Please give back all the records exactly, but keep the pictures out.
::::::::
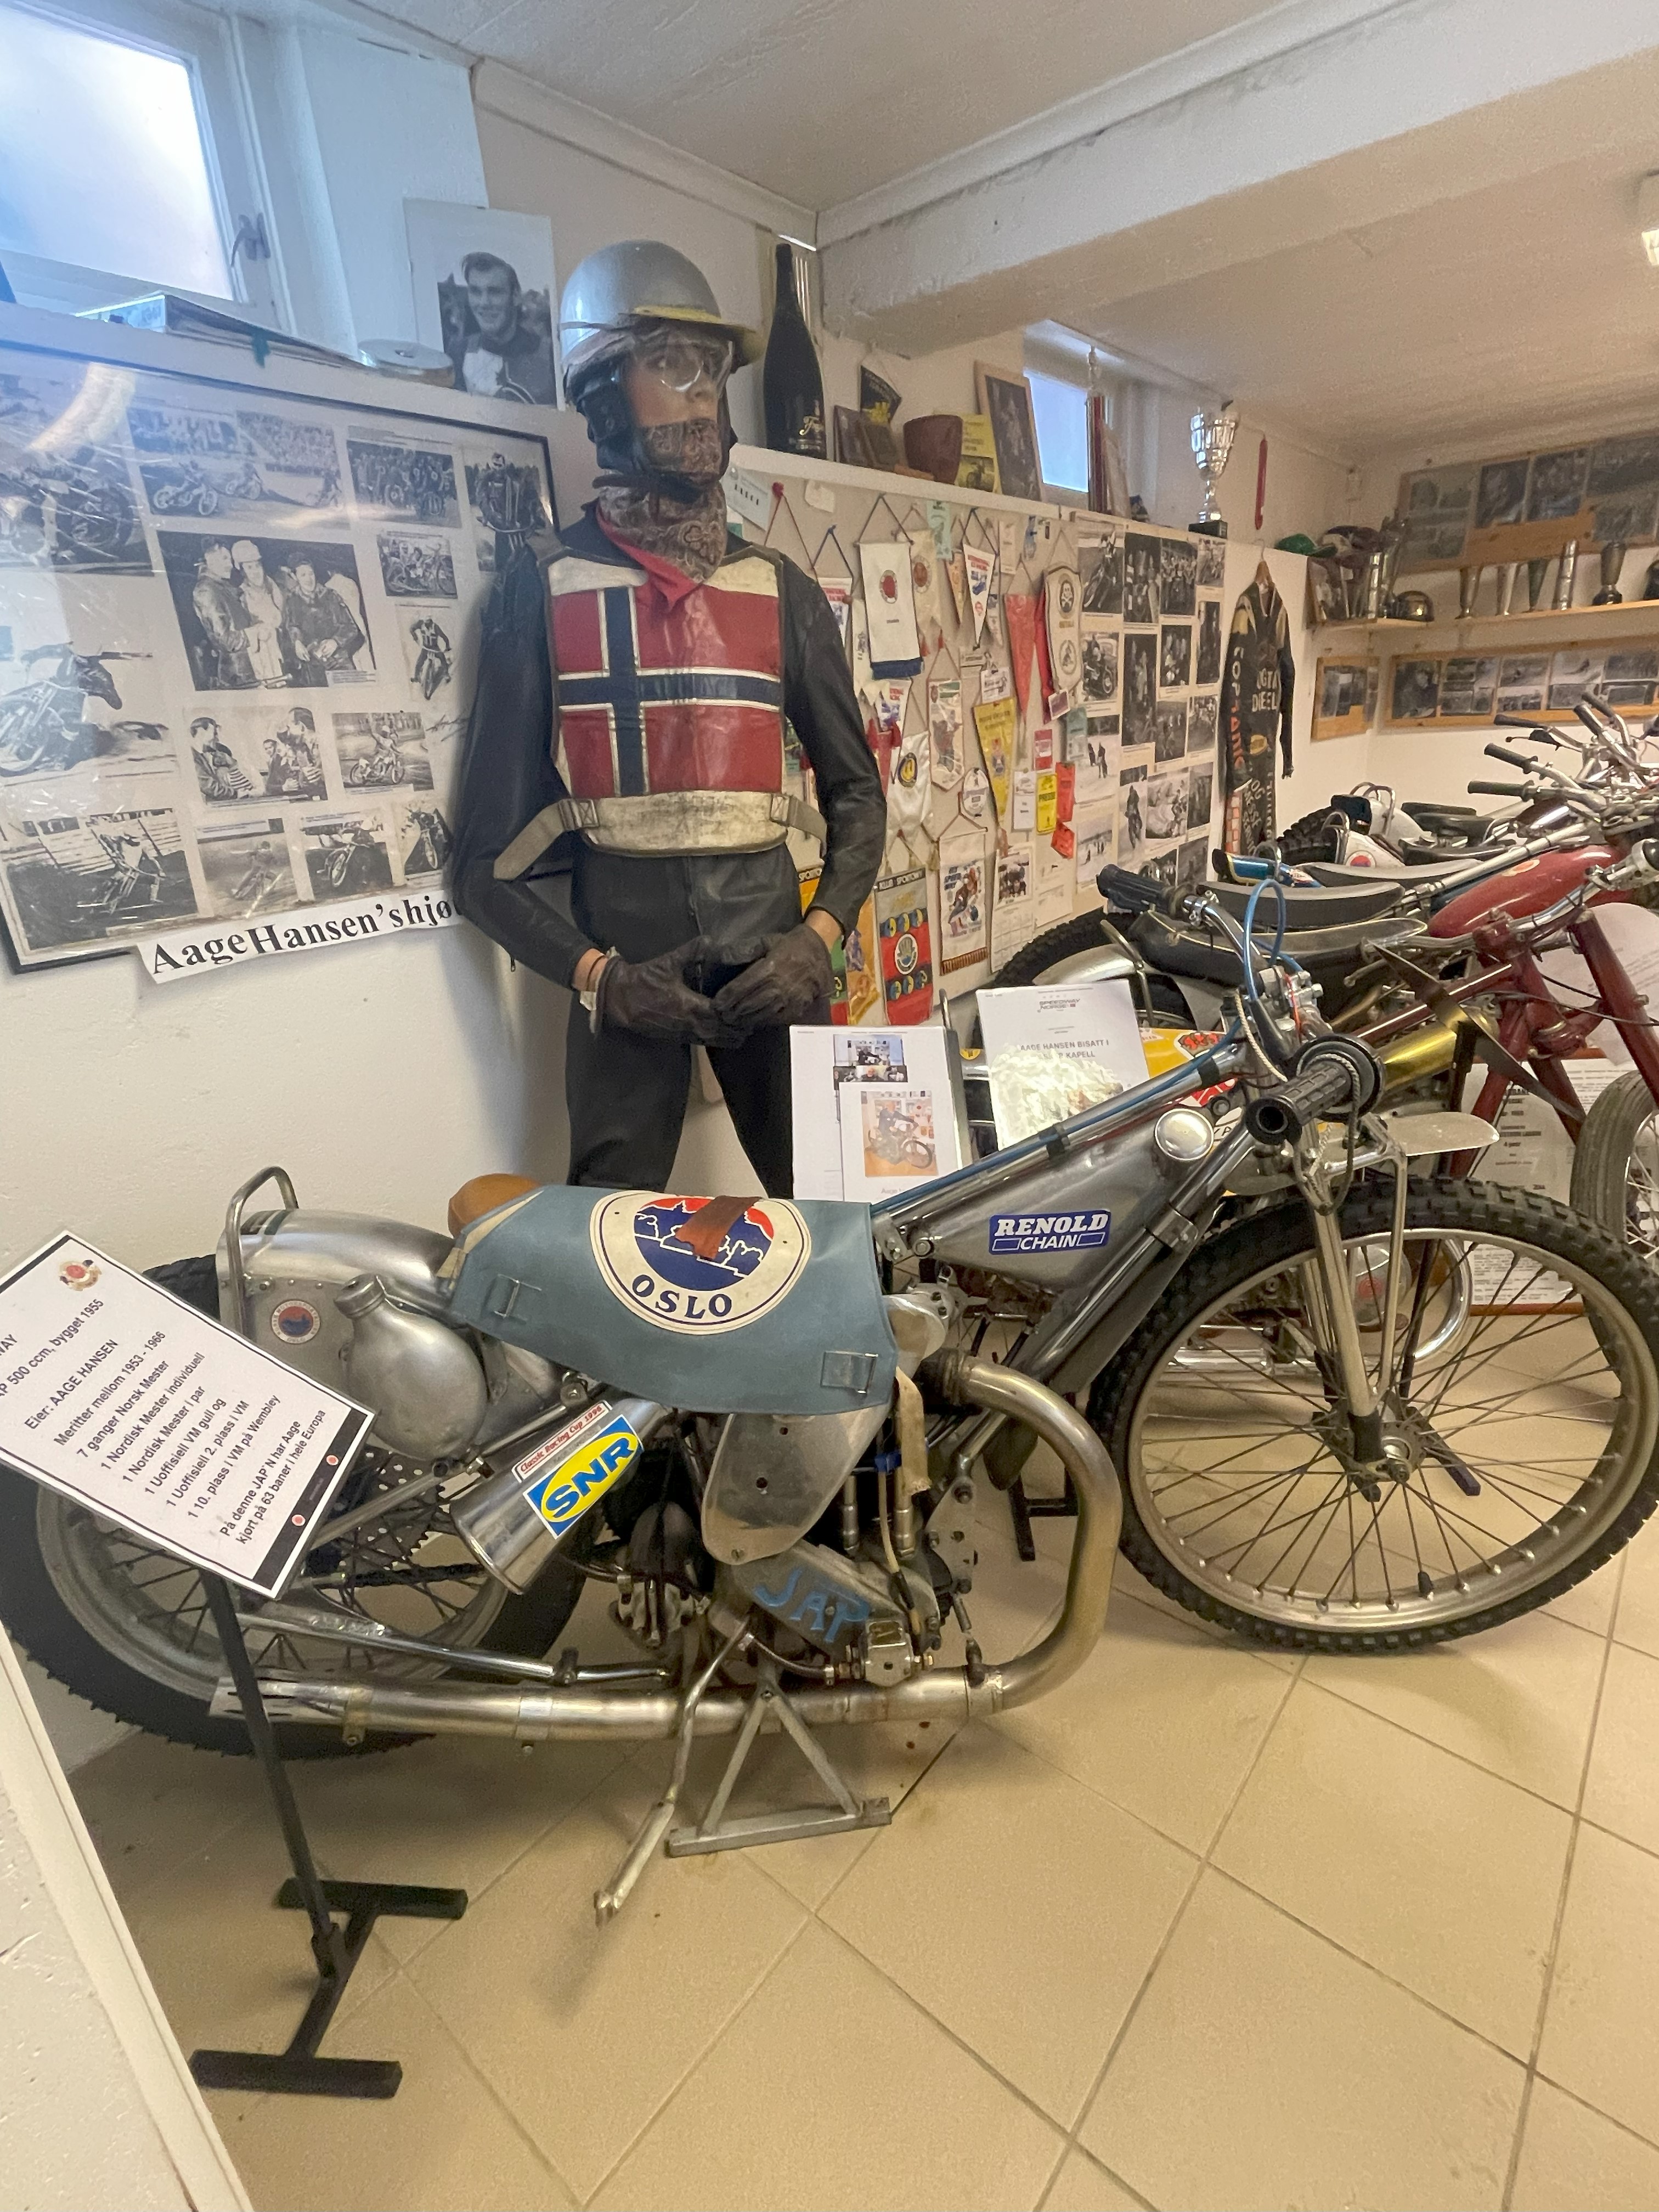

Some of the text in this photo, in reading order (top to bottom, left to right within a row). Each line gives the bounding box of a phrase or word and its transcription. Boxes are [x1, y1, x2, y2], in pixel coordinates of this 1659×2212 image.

[1043, 1042, 1075, 1050] HANSEN
[1077, 1040, 1104, 1048] BISATT
[1065, 1051, 1096, 1059] KAPELL
[994, 1214, 1109, 1237] RENOLD
[1020, 1234, 1077, 1250] CHAIN
[632, 1274, 732, 1319] OSLO
[7, 1366, 30, 1385] 500
[29, 1348, 56, 1367] ccm,
[49, 1317, 84, 1346] bygget
[81, 1299, 104, 1318] 1955
[24, 1339, 119, 1429] Eier: AAGE HANSEN
[54, 1407, 94, 1446] Meritter
[92, 1375, 126, 1408] mellom
[122, 1355, 144, 1374] 1953
[144, 1331, 166, 1350] 1966
[77, 1361, 169, 1458] 7 ganger Norsk Mester
[106, 1424, 145, 1463] Nordisk
[139, 1393, 170, 1425] Mester
[164, 1352, 205, 1395] individuell
[128, 1436, 165, 1475] Nordisk
[160, 1406, 189, 1437] Mester
[190, 1386, 205, 1403] par
[150, 1443, 190, 1487] Uoffisiell
[183, 1427, 202, 1443] VM
[198, 1409, 215, 1430] gull
[212, 1398, 227, 1411] og
[171, 1454, 210, 1499] Uoffisiell
[204, 1447, 217, 1455] 2.
[213, 1421, 235, 1447] plass
[233, 1400, 250, 1415] VM
[194, 1496, 211, 1509] 10.
[207, 1467, 229, 1496] plass
[227, 1444, 245, 1460] VM
[241, 1432, 253, 1447] på
[247, 1395, 281, 1432] Wembley
[219, 1521, 236, 1537] På
[232, 1489, 257, 1521] denne
[270, 1443, 286, 1458] har
[281, 1420, 301, 1444] Aage
[253, 1504, 267, 1521] på
[261, 1491, 274, 1505] 63
[268, 1464, 291, 1492] baner
[289, 1440, 307, 1460] hele
[301, 1409, 326, 1440] Europa
[520, 1451, 544, 1472] Classic
[544, 1429, 571, 1452] Racing
[569, 1421, 583, 1434] Cup
[545, 1437, 635, 1519] SNR
[752, 1567, 871, 1643] JAP
::::::::
#### Solution to the exercise:
Some of the text in this photo, in reading order (top to bottom, left to right within a row). Each line gives the bounding box of a phrase or word and its transcription. Boxes are [x1, y1, x2, y2], in pixel coordinates of this 1659×2212 image.

[1043, 1042, 1075, 1050] HANSEN
[1077, 1040, 1104, 1048] BISATT
[1065, 1051, 1096, 1059] KAPELL
[994, 1214, 1109, 1237] RENOLD
[1020, 1234, 1077, 1250] CHAIN
[632, 1274, 732, 1319] OSLO
[7, 1366, 30, 1385] 500
[29, 1348, 56, 1367] ccm,
[49, 1317, 84, 1346] bygget
[81, 1299, 104, 1318] 1955
[24, 1339, 119, 1429] Eier: AAGE HANSEN
[54, 1407, 94, 1446] Meritter
[92, 1375, 126, 1408] mellom
[122, 1355, 144, 1374] 1953
[144, 1331, 166, 1350] 1966
[77, 1361, 169, 1458] 7 ganger Norsk Mester
[106, 1424, 145, 1463] Nordisk
[139, 1393, 170, 1425] Mester
[164, 1352, 205, 1395] individuell
[128, 1436, 165, 1475] Nordisk
[160, 1406, 189, 1437] Mester
[190, 1386, 205, 1403] par
[150, 1443, 190, 1487] Uoffisiell
[183, 1427, 202, 1443] VM
[198, 1409, 215, 1430] gull
[212, 1398, 227, 1411] og
[171, 1454, 210, 1499] Uoffisiell
[204, 1447, 217, 1455] 2.
[213, 1421, 235, 1447] plass
[233, 1400, 250, 1415] VM
[194, 1496, 211, 1509] 10.
[207, 1467, 229, 1496] plass
[227, 1444, 245, 1460] VM
[241, 1432, 253, 1447] på
[247, 1395, 281, 1432] Wembley
[219, 1521, 236, 1537] På
[232, 1489, 257, 1521] denne
[270, 1443, 286, 1458] har
[281, 1420, 301, 1444] Aage
[253, 1504, 267, 1521] på
[261, 1491, 274, 1505] 63
[268, 1464, 291, 1492] baner
[289, 1440, 307, 1460] hele
[301, 1409, 326, 1440] Europa
[520, 1451, 544, 1472] Classic
[544, 1429, 571, 1452] Racing
[569, 1421, 583, 1434] Cup
[545, 1437, 635, 1519] SNR
[752, 1567, 871, 1643] JAP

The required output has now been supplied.